[Dataset — start]

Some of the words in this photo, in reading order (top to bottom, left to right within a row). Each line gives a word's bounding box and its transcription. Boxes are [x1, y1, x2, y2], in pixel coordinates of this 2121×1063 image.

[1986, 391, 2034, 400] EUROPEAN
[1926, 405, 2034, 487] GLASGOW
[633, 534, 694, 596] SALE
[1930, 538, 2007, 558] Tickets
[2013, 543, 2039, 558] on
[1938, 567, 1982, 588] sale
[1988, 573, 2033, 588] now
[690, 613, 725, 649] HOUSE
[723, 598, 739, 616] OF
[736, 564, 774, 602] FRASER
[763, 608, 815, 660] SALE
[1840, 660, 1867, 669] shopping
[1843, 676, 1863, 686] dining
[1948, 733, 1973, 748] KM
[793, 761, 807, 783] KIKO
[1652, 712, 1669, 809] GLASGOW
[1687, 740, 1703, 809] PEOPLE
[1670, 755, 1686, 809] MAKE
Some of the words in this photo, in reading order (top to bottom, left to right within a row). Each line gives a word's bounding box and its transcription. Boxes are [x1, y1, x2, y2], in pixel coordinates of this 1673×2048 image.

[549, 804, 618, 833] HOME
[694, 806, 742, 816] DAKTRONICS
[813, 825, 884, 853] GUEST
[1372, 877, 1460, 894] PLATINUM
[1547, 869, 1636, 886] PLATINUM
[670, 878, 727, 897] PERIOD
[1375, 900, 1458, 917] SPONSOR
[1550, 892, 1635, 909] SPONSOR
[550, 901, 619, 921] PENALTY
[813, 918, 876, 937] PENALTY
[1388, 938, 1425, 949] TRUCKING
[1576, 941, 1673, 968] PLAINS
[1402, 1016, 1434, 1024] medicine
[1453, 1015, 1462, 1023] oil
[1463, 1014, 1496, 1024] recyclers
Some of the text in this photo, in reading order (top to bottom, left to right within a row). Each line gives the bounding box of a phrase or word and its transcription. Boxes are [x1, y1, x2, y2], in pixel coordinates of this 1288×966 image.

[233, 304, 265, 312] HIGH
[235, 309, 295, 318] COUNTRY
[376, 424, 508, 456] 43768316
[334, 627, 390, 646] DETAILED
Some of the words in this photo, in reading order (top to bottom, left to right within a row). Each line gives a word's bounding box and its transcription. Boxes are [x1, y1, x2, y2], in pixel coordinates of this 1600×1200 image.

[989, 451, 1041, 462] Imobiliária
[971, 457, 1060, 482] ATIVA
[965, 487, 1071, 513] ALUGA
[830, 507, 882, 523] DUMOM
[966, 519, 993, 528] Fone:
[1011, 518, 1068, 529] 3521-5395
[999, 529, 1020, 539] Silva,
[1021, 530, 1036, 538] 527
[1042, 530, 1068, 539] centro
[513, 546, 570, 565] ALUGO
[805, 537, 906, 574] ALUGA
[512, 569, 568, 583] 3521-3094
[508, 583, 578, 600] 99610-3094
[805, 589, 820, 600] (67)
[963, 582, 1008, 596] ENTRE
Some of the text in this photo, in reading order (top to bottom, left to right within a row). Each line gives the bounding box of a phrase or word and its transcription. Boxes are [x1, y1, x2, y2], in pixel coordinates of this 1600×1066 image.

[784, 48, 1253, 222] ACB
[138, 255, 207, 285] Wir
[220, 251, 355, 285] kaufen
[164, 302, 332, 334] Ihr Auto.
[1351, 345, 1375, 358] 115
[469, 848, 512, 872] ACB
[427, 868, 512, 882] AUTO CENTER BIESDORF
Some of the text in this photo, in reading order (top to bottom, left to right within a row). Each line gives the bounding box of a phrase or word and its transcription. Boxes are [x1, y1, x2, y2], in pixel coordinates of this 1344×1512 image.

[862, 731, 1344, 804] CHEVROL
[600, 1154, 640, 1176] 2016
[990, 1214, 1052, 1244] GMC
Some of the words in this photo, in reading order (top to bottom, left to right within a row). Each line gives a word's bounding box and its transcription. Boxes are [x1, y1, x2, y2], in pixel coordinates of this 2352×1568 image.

[Dataset — finish]

What the exercise asks: When you answer, repeat every record exactly, omitting nothing.

Reply to the exercise:
Some of the words in this photo, in reading order (top to bottom, left to right within a row). Each line gives a word's bounding box and its transcription. Boxes are [x1, y1, x2, y2], in pixel coordinates of this 2121×1063 image.

[1986, 391, 2034, 400] EUROPEAN
[1926, 405, 2034, 487] GLASGOW
[633, 534, 694, 596] SALE
[1930, 538, 2007, 558] Tickets
[2013, 543, 2039, 558] on
[1938, 567, 1982, 588] sale
[1988, 573, 2033, 588] now
[690, 613, 725, 649] HOUSE
[723, 598, 739, 616] OF
[736, 564, 774, 602] FRASER
[763, 608, 815, 660] SALE
[1840, 660, 1867, 669] shopping
[1843, 676, 1863, 686] dining
[1948, 733, 1973, 748] KM
[793, 761, 807, 783] KIKO
[1652, 712, 1669, 809] GLASGOW
[1687, 740, 1703, 809] PEOPLE
[1670, 755, 1686, 809] MAKE
Some of the words in this photo, in reading order (top to bottom, left to right within a row). Each line gives a word's bounding box and its transcription. Boxes are [x1, y1, x2, y2], in pixel coordinates of this 1673×2048 image.

[549, 804, 618, 833] HOME
[694, 806, 742, 816] DAKTRONICS
[813, 825, 884, 853] GUEST
[1372, 877, 1460, 894] PLATINUM
[1547, 869, 1636, 886] PLATINUM
[670, 878, 727, 897] PERIOD
[1375, 900, 1458, 917] SPONSOR
[1550, 892, 1635, 909] SPONSOR
[550, 901, 619, 921] PENALTY
[813, 918, 876, 937] PENALTY
[1388, 938, 1425, 949] TRUCKING
[1576, 941, 1673, 968] PLAINS
[1402, 1016, 1434, 1024] medicine
[1453, 1015, 1462, 1023] oil
[1463, 1014, 1496, 1024] recyclers
Some of the text in this photo, in reading order (top to bottom, left to right within a row). Each line gives the bounding box of a phrase or word and its transcription. Boxes are [x1, y1, x2, y2], in pixel coordinates of this 1288×966 image.

[233, 304, 265, 312] HIGH
[235, 309, 295, 318] COUNTRY
[376, 424, 508, 456] 43768316
[334, 627, 390, 646] DETAILED
Some of the words in this photo, in reading order (top to bottom, left to right within a row). Each line gives a word's bounding box and its transcription. Boxes are [x1, y1, x2, y2], in pixel coordinates of this 1600×1200 image.

[989, 451, 1041, 462] Imobiliária
[971, 457, 1060, 482] ATIVA
[965, 487, 1071, 513] ALUGA
[830, 507, 882, 523] DUMOM
[966, 519, 993, 528] Fone:
[1011, 518, 1068, 529] 3521-5395
[999, 529, 1020, 539] Silva,
[1021, 530, 1036, 538] 527
[1042, 530, 1068, 539] centro
[513, 546, 570, 565] ALUGO
[805, 537, 906, 574] ALUGA
[512, 569, 568, 583] 3521-3094
[508, 583, 578, 600] 99610-3094
[805, 589, 820, 600] (67)
[963, 582, 1008, 596] ENTRE
Some of the text in this photo, in reading order (top to bottom, left to right within a row). Each line gives the bounding box of a phrase or word and its transcription. Boxes are [x1, y1, x2, y2], in pixel coordinates of this 1600×1066 image.

[784, 48, 1253, 222] ACB
[138, 255, 207, 285] Wir
[220, 251, 355, 285] kaufen
[164, 302, 332, 334] Ihr Auto.
[1351, 345, 1375, 358] 115
[469, 848, 512, 872] ACB
[427, 868, 512, 882] AUTO CENTER BIESDORF
Some of the text in this photo, in reading order (top to bottom, left to right within a row). Each line gives the bounding box of a phrase or word and its transcription. Boxes are [x1, y1, x2, y2], in pixel coordinates of this 1344×1512 image.

[862, 731, 1344, 804] CHEVROL
[600, 1154, 640, 1176] 2016
[990, 1214, 1052, 1244] GMC
Some of the words in this photo, in reading order (top to bottom, left to right within a row). Each line gives a word's bounding box and its transcription. Boxes are [x1, y1, x2, y2], in pixel coordinates of this 2352×1568 image.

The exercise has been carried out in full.